Was my mom the only Chinese mom to use Pillsbury dough for the oustide of steamed bao buns?

The second, on Sunday:
My mom, who apparently reads my twitter feed, said she learned the pillsbury dough as bao outside trick from Chinese newspaper.

Aside from making me chuckle, the tweets provoked an immediate reaction of "Wow, so it's used for more than empanadas?"

The plump, doughy meat-filled buns, popular in Chinese and Vietnamese cuisines, and the savory turnovers eaten throughout Latin America are probably just a few of the alternative uses that immigrant cooks, as pressed for time as anyone else, have devised for the ubiquitous refrigerated biscuit dough over the years.

A quick search around the Pillsbury website led me to the history of the Pillsbury Bake-Off contest, and with it, this paragraph describing the contest's evolution during the 1990s:

Ethnic Fusion Reigns

By the 1990s, recipes entered in the Pillsbury Bake-Off® Contest reflected a fusion of ethnic flavors with traditional American cooking. Tastes had grown more international, and formerly unusual ethnic and "gourmet" ingredients and flavors had entered the mainstream.

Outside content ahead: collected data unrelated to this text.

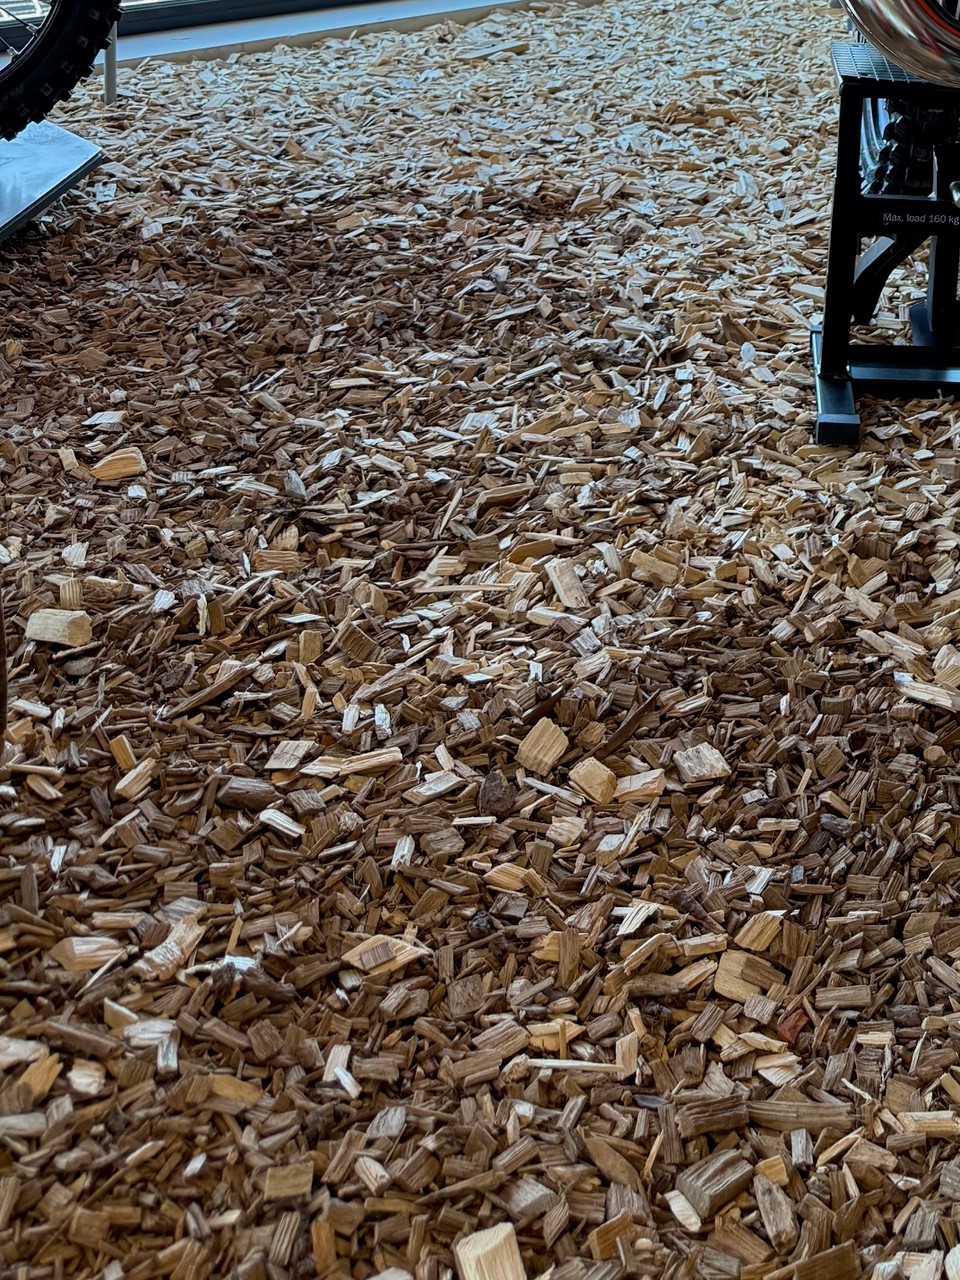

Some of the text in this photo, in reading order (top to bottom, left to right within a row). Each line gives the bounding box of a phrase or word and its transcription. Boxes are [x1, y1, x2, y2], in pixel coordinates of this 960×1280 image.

[882, 213, 904, 222] Max.
[907, 213, 926, 223] load
[929, 214, 947, 224] 160
[948, 216, 960, 226] kg
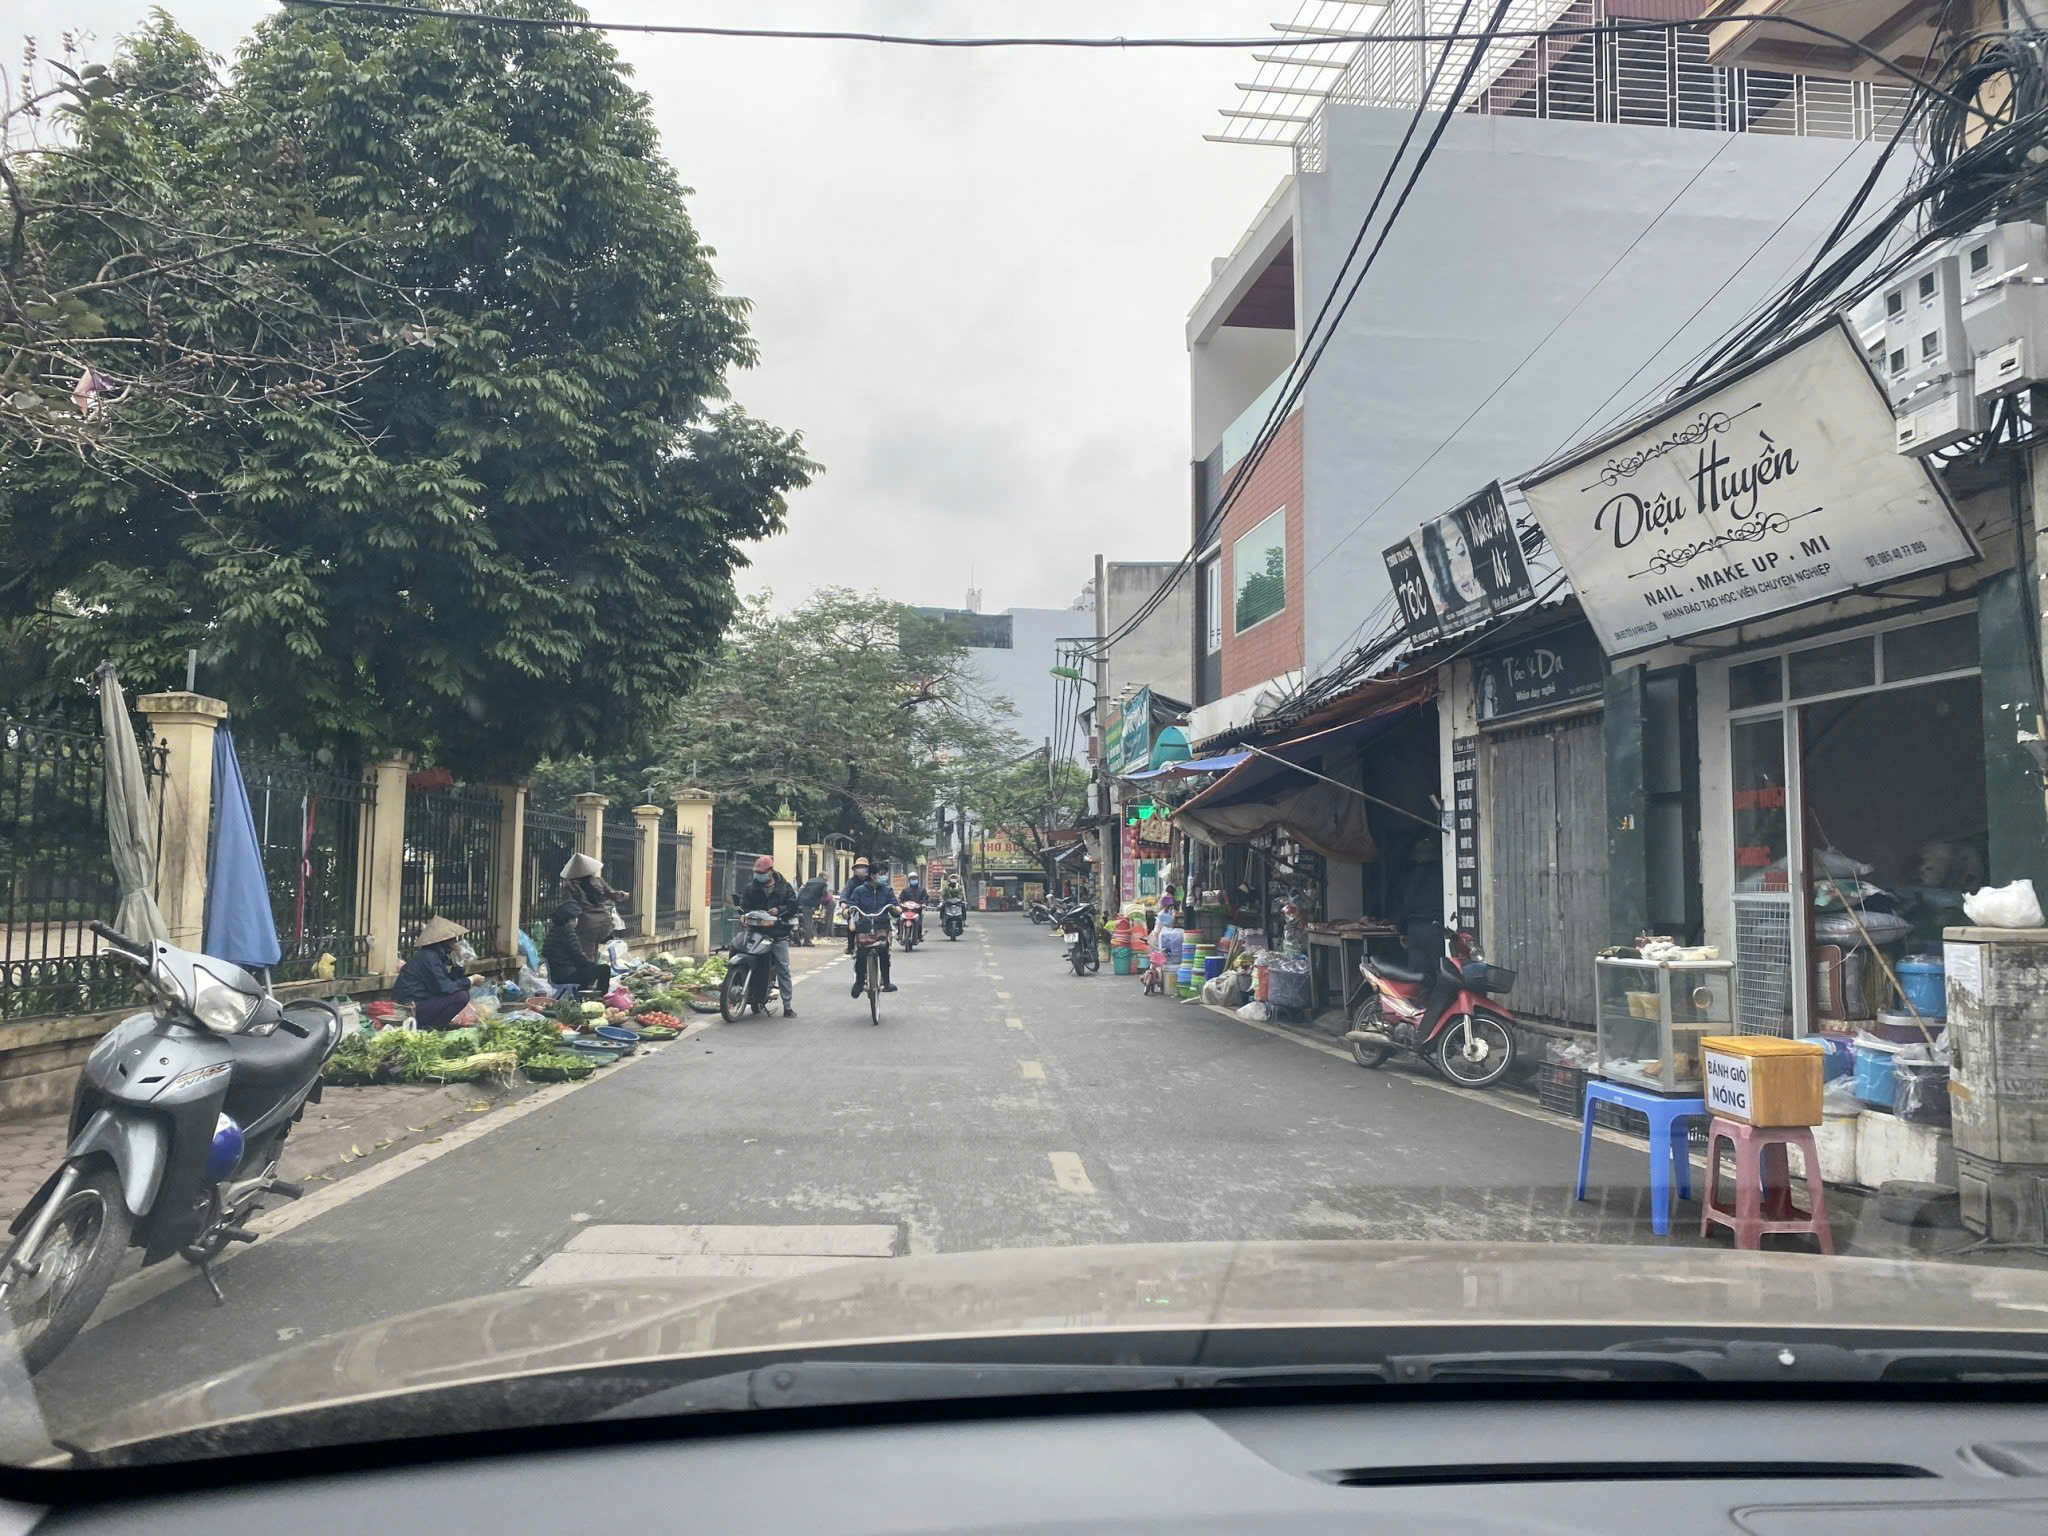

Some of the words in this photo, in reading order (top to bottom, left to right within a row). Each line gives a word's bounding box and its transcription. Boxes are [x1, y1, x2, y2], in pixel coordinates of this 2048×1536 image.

[1595, 492, 1686, 549] Diệu
[1689, 430, 1799, 520] Huyền
[1643, 584, 1684, 606] NAIL
[1696, 562, 1749, 591] MAKE
[1752, 551, 1779, 573] UP
[1800, 535, 1831, 557] MI
[1719, 592, 1738, 606] HỌC
[1738, 584, 1758, 599] VIÊN
[1757, 574, 1796, 593] CHUYÊN
[1796, 562, 1832, 581] NGHIỆP
[1503, 656, 1525, 688] Tóc
[1534, 649, 1564, 680] Da
[1708, 1060, 1729, 1079] BÁNH
[1730, 1067, 1746, 1083] GIÒ
[1712, 1085, 1746, 1109] NÓNG
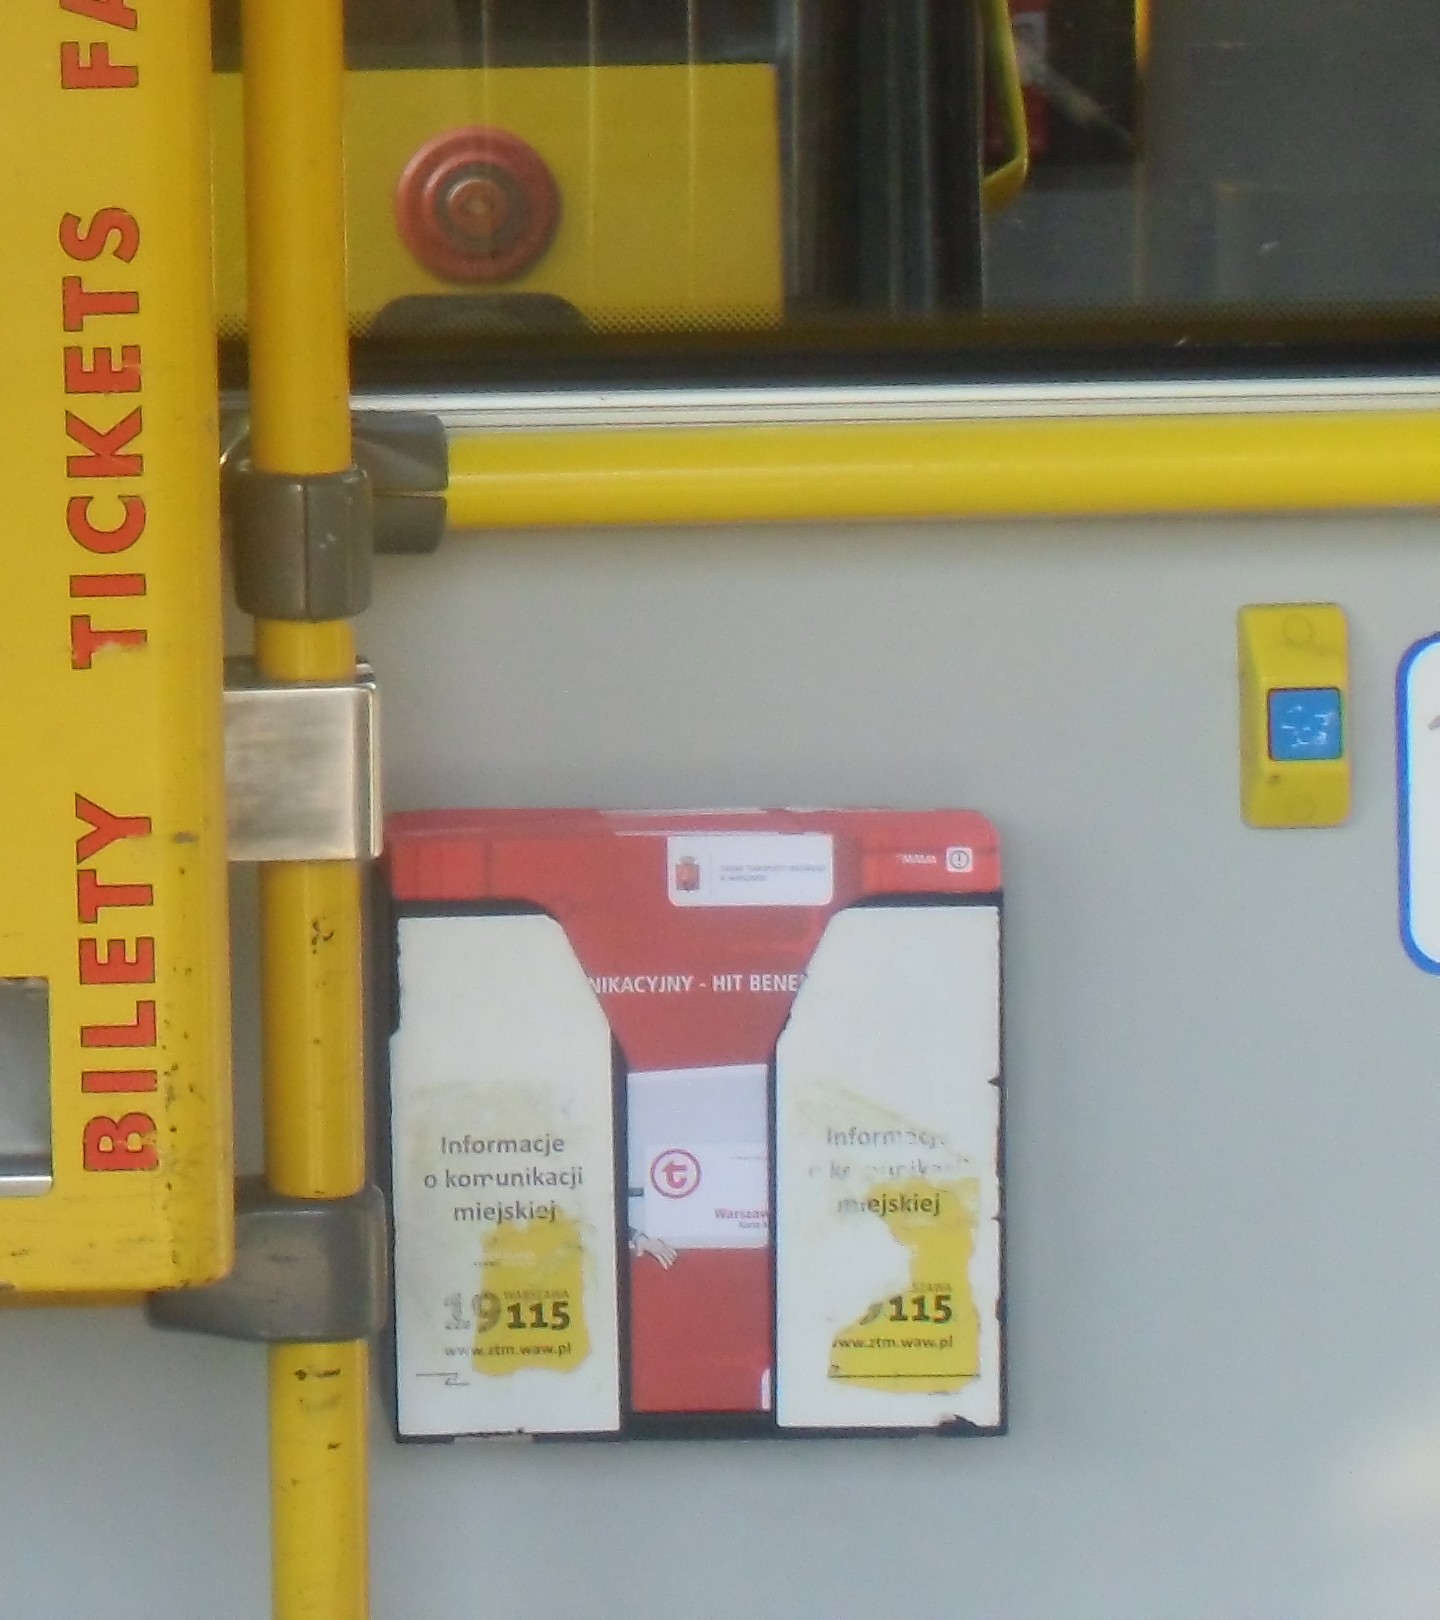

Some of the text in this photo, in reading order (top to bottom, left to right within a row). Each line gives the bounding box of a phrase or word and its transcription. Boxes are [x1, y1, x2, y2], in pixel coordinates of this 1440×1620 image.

[59, 206, 148, 670] TICKETS
[75, 791, 158, 1173] BILETY
[712, 974, 743, 993] HIT
[749, 973, 804, 993] BENE
[440, 1134, 566, 1157] Informacje
[423, 1166, 584, 1190] o komunikacji
[453, 1200, 557, 1225] miejskiej

Hmm. The contest recipes weren't posted on the page, which is okay, since "gourmet" might not be the ideal descriptor in every case. But for anyone who wants to try this at home, there are plenty of homegrown recipes out there, like these for pork picadillo empanadas and "cheater's baos" made with the canned buttermilk biscuit dough. Who would have thought?